Voice acting is especially prominent for the first time in the EDF series. The game largely follows a squad of EDF soldiers that banter with each other during missions. The voice acting isn’t great, but it does have a certain B-grade movie feel that almost charms in its setting. Iron Rain doesn’t have much story to offer otherwise, with the small amount it has being stretched over those 52 missions and dosed out in tiny increments.
On the technical side, the game suffers from some frame rate issues on my PS4 Pro. It varies wildly from mission to mission: sometimes it’s actually quite acceptable for a game with so much destruction onscreen; other times, it gets extremely choppy, dipping below the 10 to 20 FPS range.

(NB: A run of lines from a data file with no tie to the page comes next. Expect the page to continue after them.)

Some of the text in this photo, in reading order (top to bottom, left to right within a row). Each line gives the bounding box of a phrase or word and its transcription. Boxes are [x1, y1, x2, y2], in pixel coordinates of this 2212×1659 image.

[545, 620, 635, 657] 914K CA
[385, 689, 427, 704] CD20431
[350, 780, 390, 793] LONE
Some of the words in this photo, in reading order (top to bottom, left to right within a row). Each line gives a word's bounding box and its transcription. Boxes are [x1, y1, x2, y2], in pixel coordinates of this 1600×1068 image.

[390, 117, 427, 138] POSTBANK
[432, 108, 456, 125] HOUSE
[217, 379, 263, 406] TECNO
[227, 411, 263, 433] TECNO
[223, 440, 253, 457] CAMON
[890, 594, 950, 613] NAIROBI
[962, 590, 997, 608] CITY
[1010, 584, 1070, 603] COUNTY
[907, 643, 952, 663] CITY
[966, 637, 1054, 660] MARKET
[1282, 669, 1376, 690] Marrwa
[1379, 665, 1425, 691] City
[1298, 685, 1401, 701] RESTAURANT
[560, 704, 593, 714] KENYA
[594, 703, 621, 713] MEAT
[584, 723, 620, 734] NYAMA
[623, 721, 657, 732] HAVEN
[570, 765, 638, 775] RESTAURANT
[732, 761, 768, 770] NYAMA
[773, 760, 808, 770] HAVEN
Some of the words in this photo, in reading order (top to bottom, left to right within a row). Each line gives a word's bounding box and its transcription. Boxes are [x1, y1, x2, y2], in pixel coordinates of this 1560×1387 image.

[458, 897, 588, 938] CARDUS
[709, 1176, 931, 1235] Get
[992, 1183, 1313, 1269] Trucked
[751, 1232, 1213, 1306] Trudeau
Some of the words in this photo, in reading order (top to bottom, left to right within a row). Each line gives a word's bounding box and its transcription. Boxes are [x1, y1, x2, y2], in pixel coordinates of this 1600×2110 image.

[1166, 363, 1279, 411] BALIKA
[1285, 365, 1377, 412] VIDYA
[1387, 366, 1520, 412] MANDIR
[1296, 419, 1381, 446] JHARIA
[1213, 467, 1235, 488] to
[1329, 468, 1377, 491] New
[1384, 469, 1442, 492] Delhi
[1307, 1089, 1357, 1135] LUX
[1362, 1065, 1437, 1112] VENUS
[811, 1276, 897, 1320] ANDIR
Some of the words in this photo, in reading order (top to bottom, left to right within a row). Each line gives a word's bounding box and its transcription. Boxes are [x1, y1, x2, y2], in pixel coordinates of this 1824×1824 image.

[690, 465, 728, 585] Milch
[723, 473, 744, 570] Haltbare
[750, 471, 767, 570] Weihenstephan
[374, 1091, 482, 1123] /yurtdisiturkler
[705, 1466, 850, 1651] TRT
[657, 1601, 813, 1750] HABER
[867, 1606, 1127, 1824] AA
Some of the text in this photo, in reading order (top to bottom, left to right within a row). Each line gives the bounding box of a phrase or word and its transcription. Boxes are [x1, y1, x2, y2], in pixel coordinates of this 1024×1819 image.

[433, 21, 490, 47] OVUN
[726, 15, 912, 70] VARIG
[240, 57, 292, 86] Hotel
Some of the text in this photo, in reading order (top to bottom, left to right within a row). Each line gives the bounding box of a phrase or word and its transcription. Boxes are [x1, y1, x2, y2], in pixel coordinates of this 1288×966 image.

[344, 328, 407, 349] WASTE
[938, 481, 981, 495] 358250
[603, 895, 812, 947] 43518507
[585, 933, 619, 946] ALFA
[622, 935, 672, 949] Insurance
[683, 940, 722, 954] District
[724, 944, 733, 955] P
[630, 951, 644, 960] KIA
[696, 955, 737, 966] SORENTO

Iron Rain features an extensive character customization system. Almost every aspect of your character, from their gender to their body size and clothing, can be altered to your choosing. It’s a very well executed system, and it’s always fun to pick and choose different outfits to make your character stand out, especially if one is playing online or with friends.
You get 4 character classes throughout the story. These are the Trooper, Jet Lifter, Heavy Striker and Prowl Rider, each with different abilities and stats such as defence and mobility.
For example, the Trooper can do a quick side-to-side dodge, while the Heavy Striker has a giant energy shield that blocks all incoming damage. These are limited by a meter, and if the player isn’t careful they could find themselves backed into a corner with all their abilities on cooldown.
That’s exactly where the game’s Overdrive mechanic comes into play. Overdrive acts as a turbo button, temporarily granting the player infinite ability use, quicker fire rates and faster reloads. Activating the Jet Lifter’s Overdrive puts you in the shoes of a well-armed Superman, raining hellfire down on all manner of unholy creatures.
Overdrive can only be activated once per mission, though, so you have to choose wisely on when to go all out. If playing with others, you can coordinate Overdrives to turn the tide of battle. This can be pivotal during later missions, which are almost impossible to beat without timing your Overdrive use correctly.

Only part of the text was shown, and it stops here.